• The problem:
A verbatim copy of all the data is required, minus any images.
+++ Source information +++
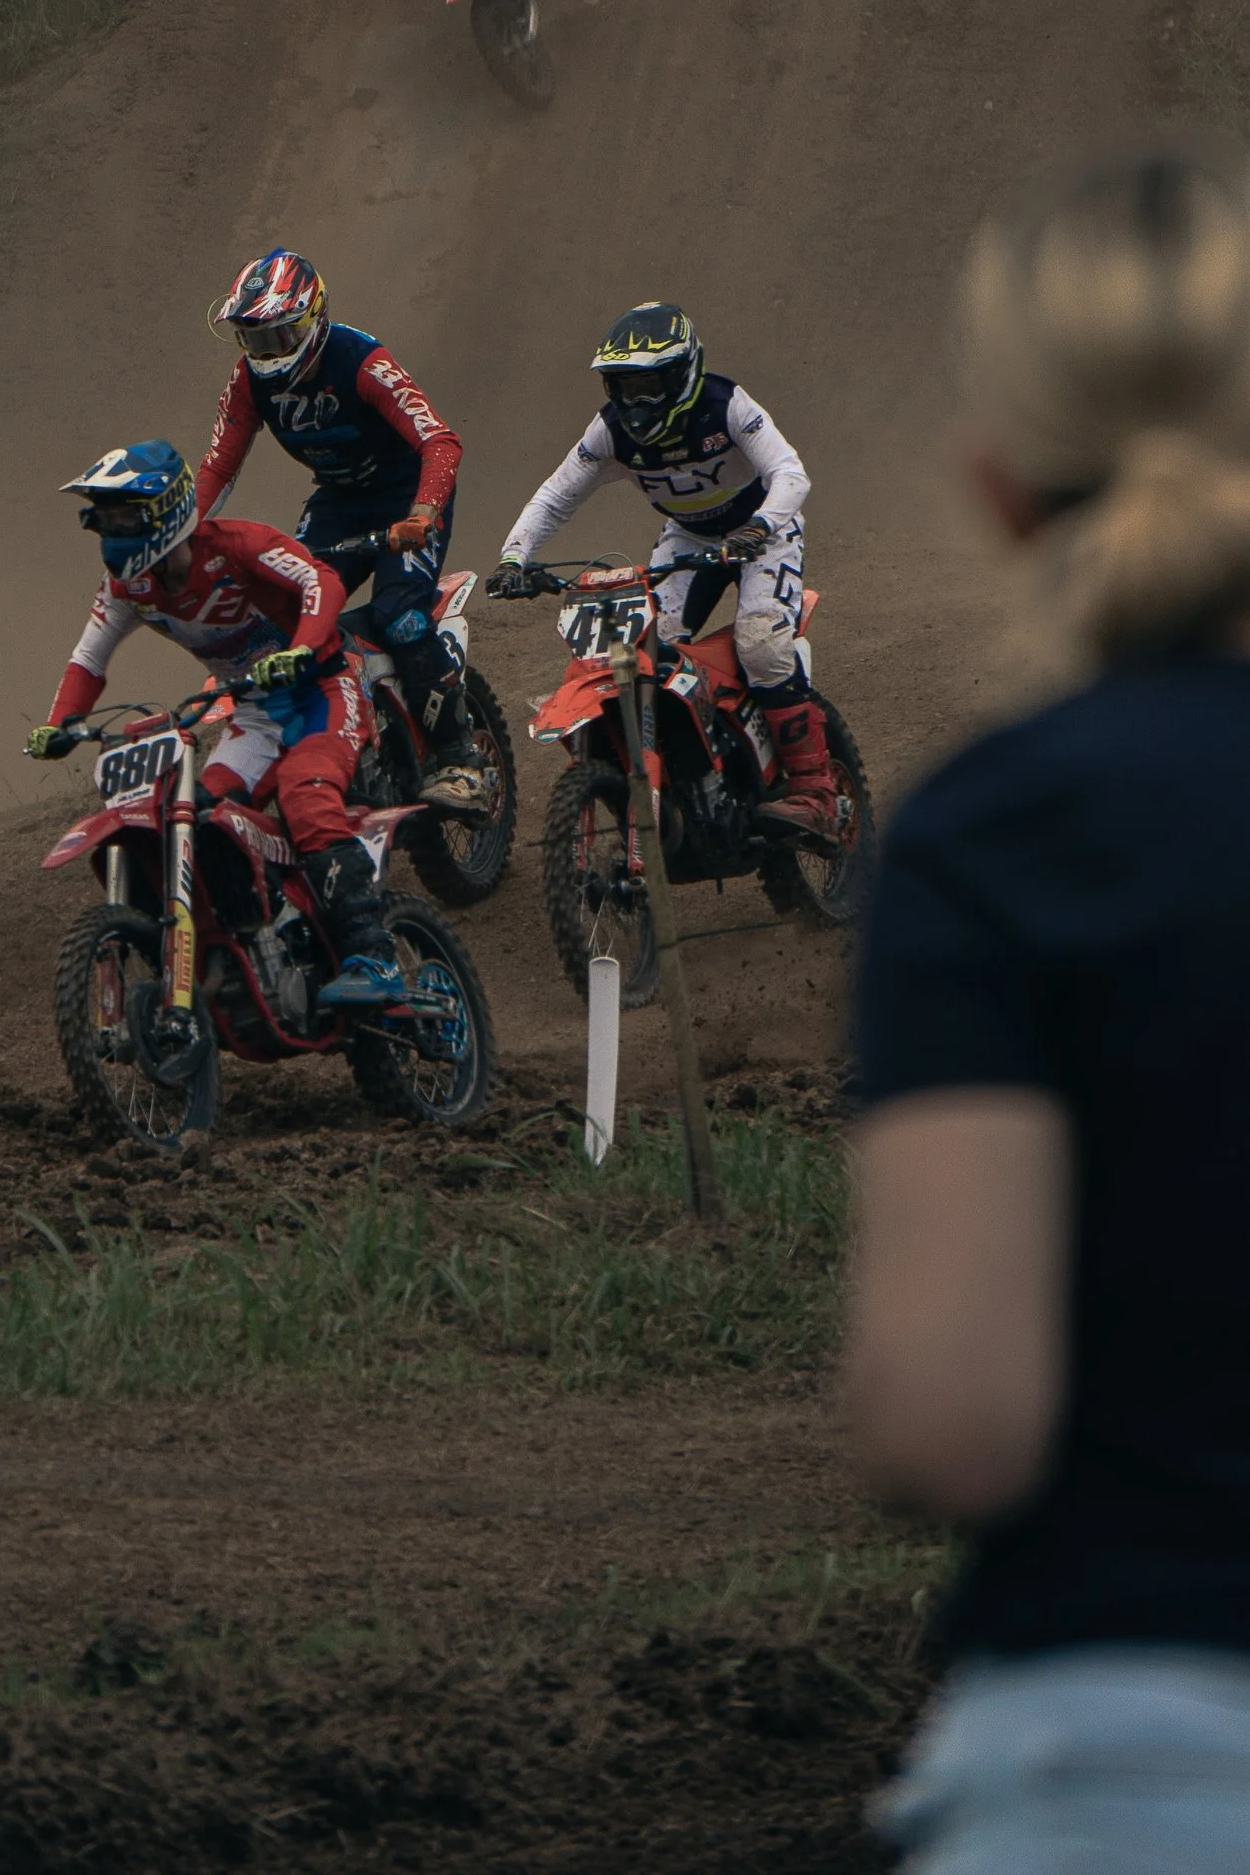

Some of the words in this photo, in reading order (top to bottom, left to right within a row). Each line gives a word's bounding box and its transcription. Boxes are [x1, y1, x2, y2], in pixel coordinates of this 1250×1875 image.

[270, 391, 340, 432] TLD
[638, 460, 726, 496] FLY
[100, 736, 178, 797] 880
[175, 929, 192, 993] PIRELLI
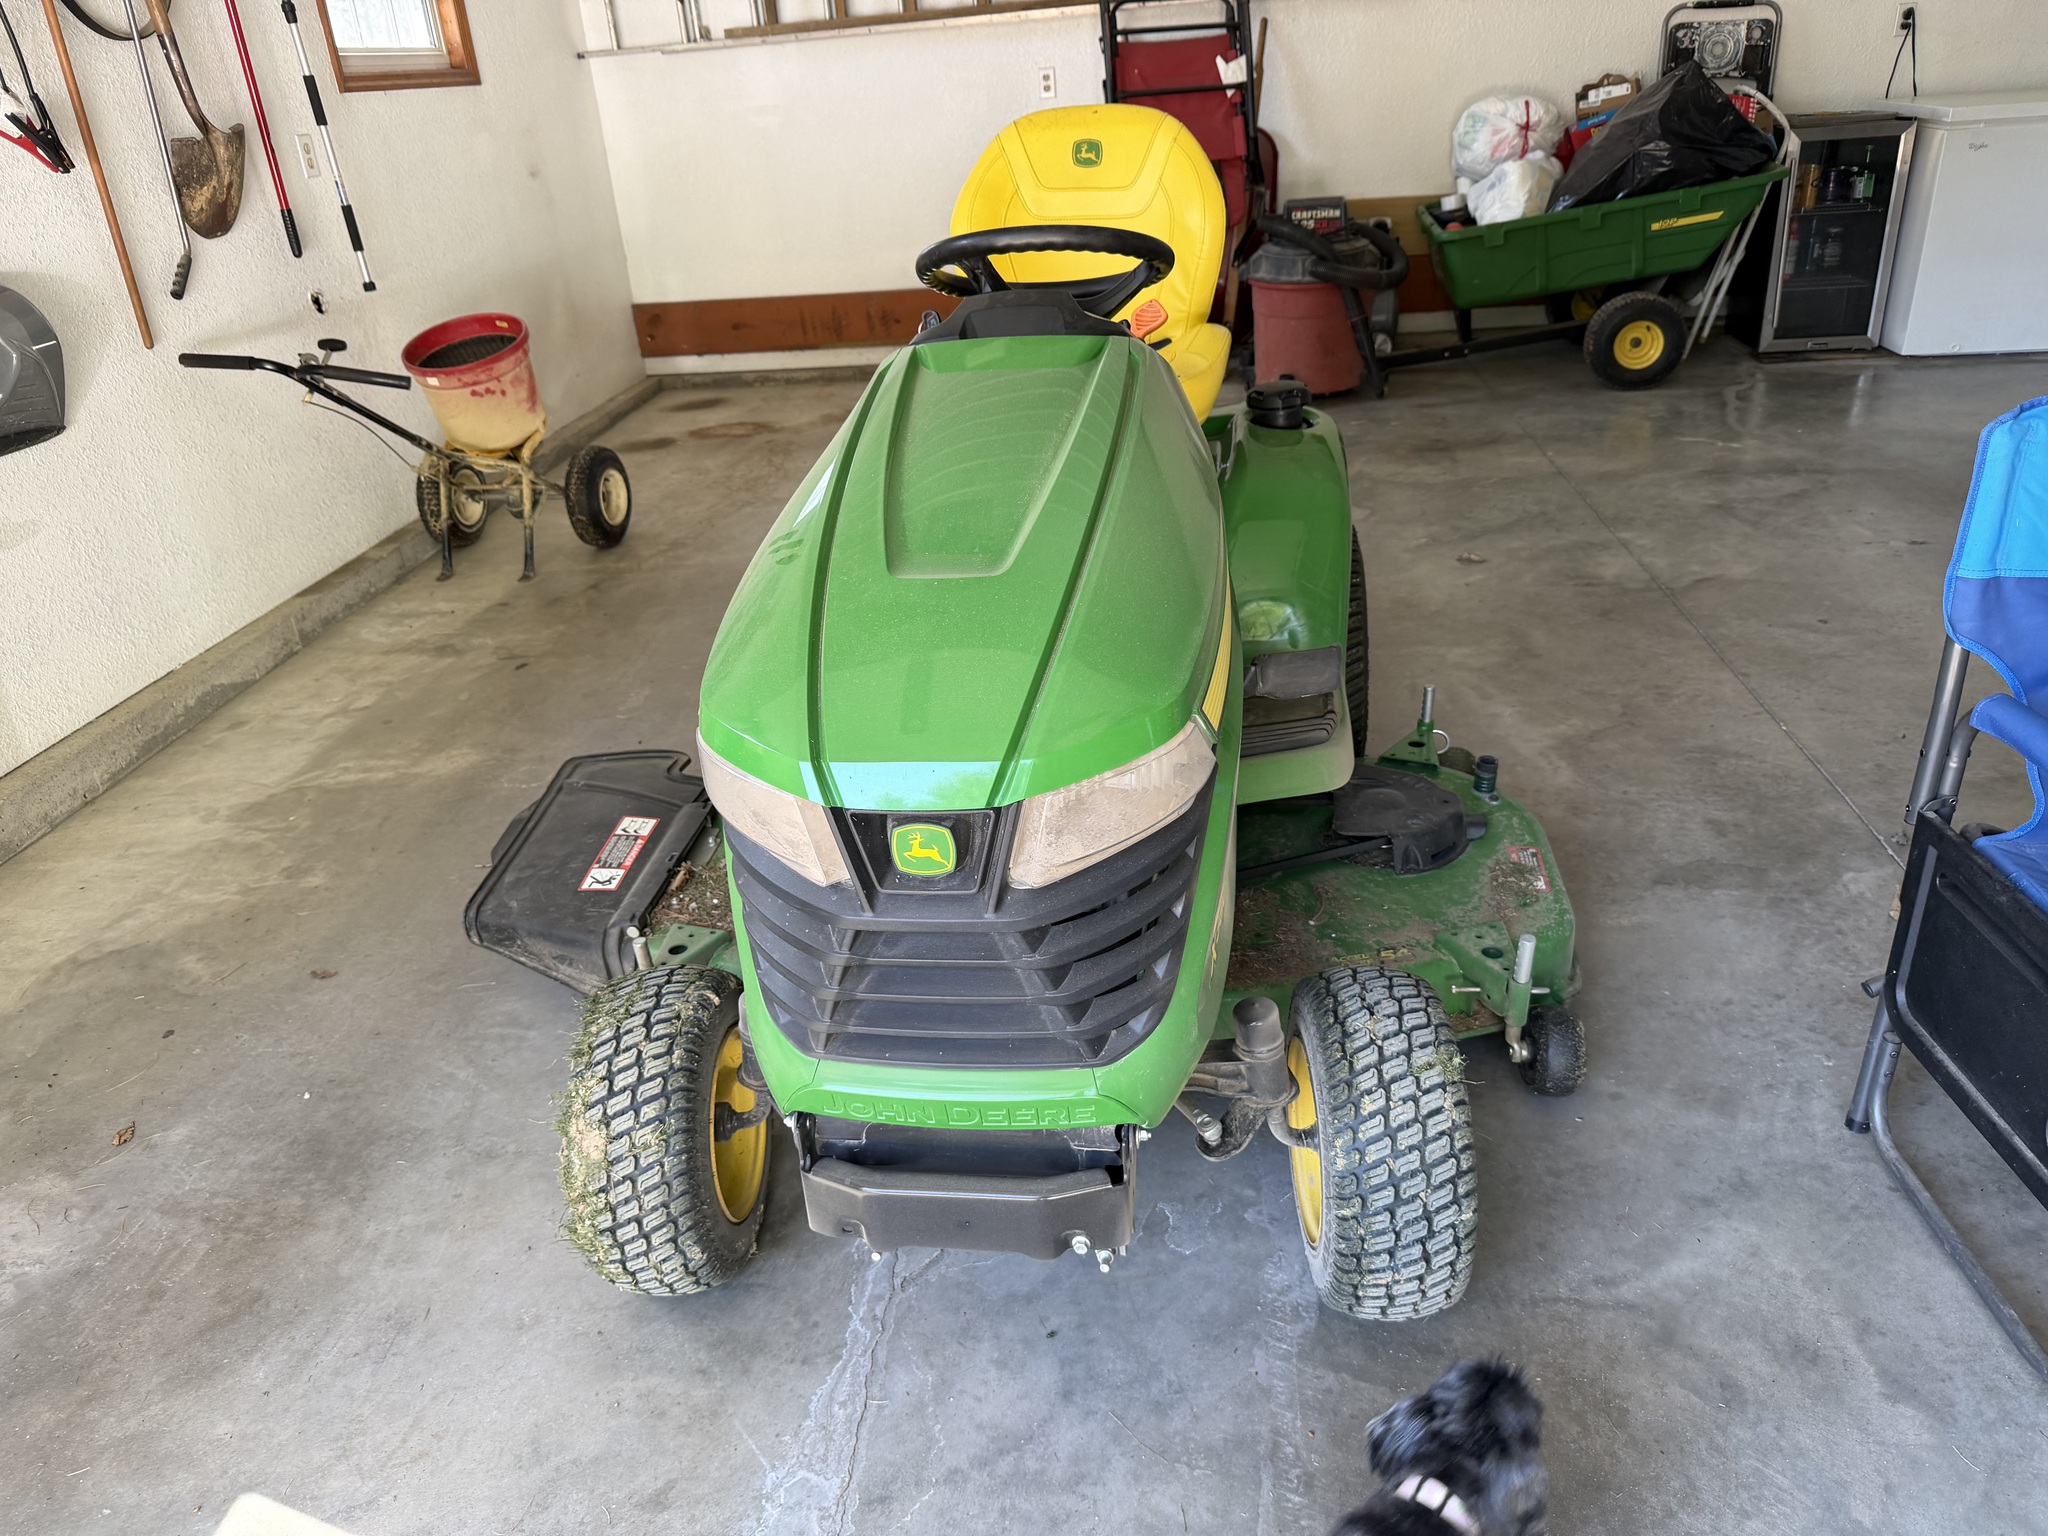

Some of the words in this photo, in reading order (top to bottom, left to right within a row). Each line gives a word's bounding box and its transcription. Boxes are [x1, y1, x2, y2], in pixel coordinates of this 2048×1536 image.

[1291, 208, 1341, 220] CRAFTSMAN
[822, 1093, 936, 1124] JOHN
[945, 1102, 1097, 1127] DEERE
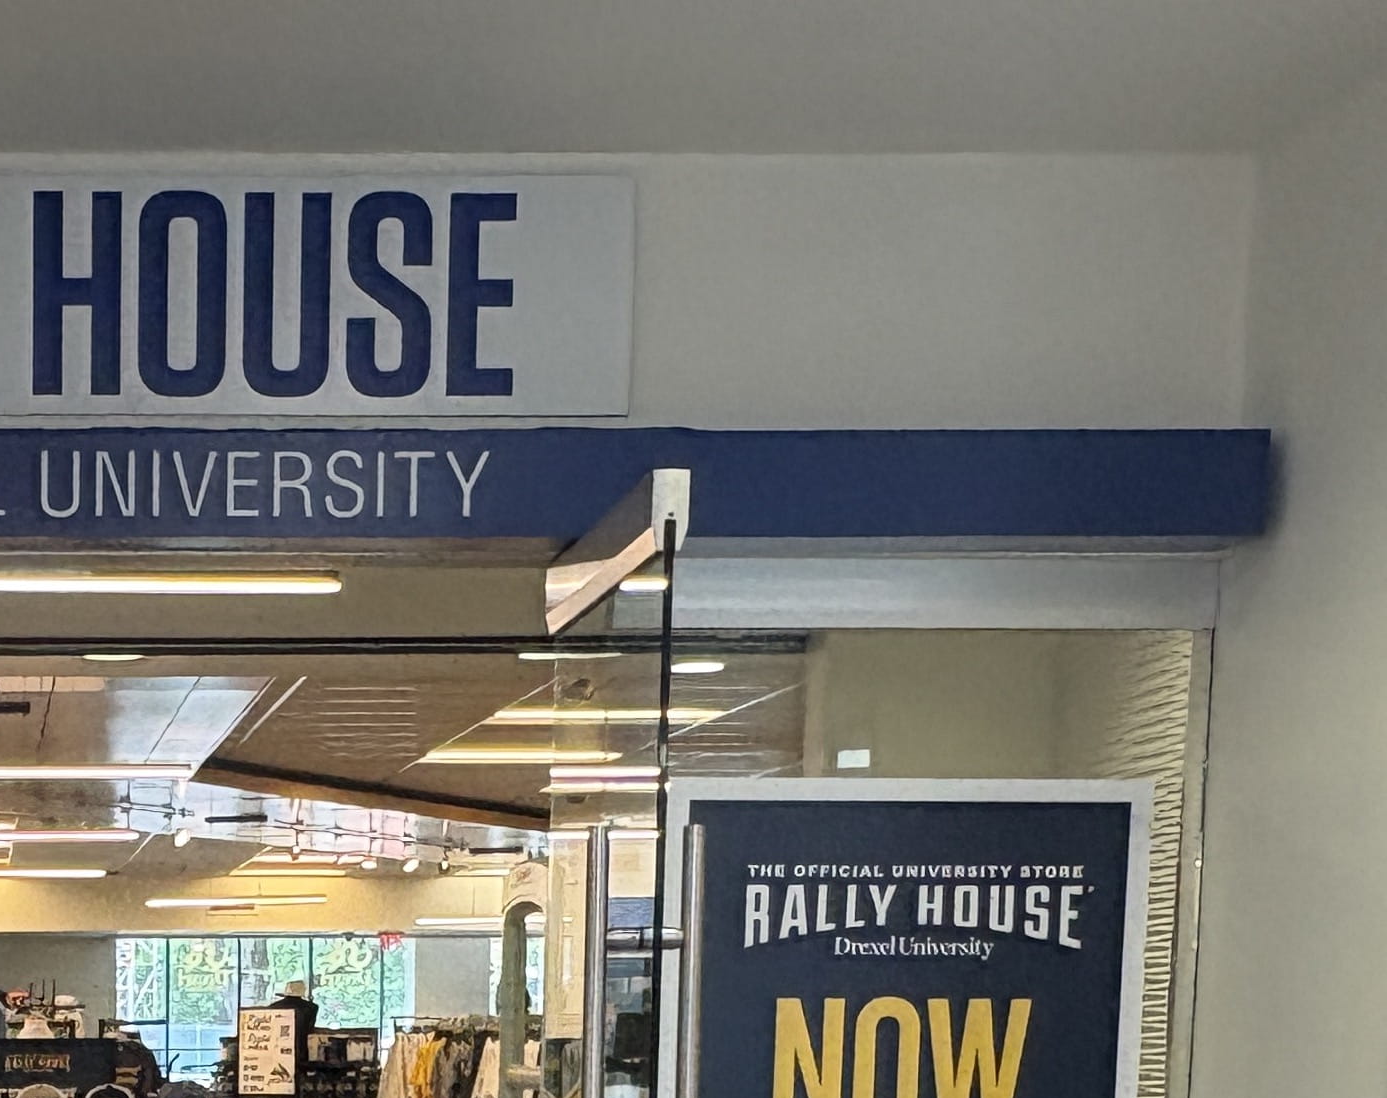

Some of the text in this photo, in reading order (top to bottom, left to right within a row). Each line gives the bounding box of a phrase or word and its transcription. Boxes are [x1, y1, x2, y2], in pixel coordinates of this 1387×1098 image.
+++
• Finished exercise:
Some of the words in this photo, in reading order (top to bottom, left to right within a row). Each line gives a word's bounding box and its transcription. Boxes are [x1, y1, x2, y2], in pixel coordinates of this 1250×1875 image.

[270, 391, 340, 432] TLD
[638, 460, 726, 496] FLY
[100, 736, 178, 797] 880
[175, 929, 192, 993] PIRELLI

Some of the words in this photo, in reading order (top to bottom, left to right within a row). Each line gives a word's bounding box and its transcription. Boxes are [x1, y1, x2, y2], in pixel coordinates of this 2048×1536 image.

[1291, 208, 1341, 220] CRAFTSMAN
[822, 1093, 936, 1124] JOHN
[945, 1102, 1097, 1127] DEERE

Some of the text in this photo, in reading order (top to bottom, left to right within a row). Each line gives the bounding box of a phrase or word and its transcription. Boxes are [x1, y1, x2, y2], in pixel coordinates of this 1387×1098 image.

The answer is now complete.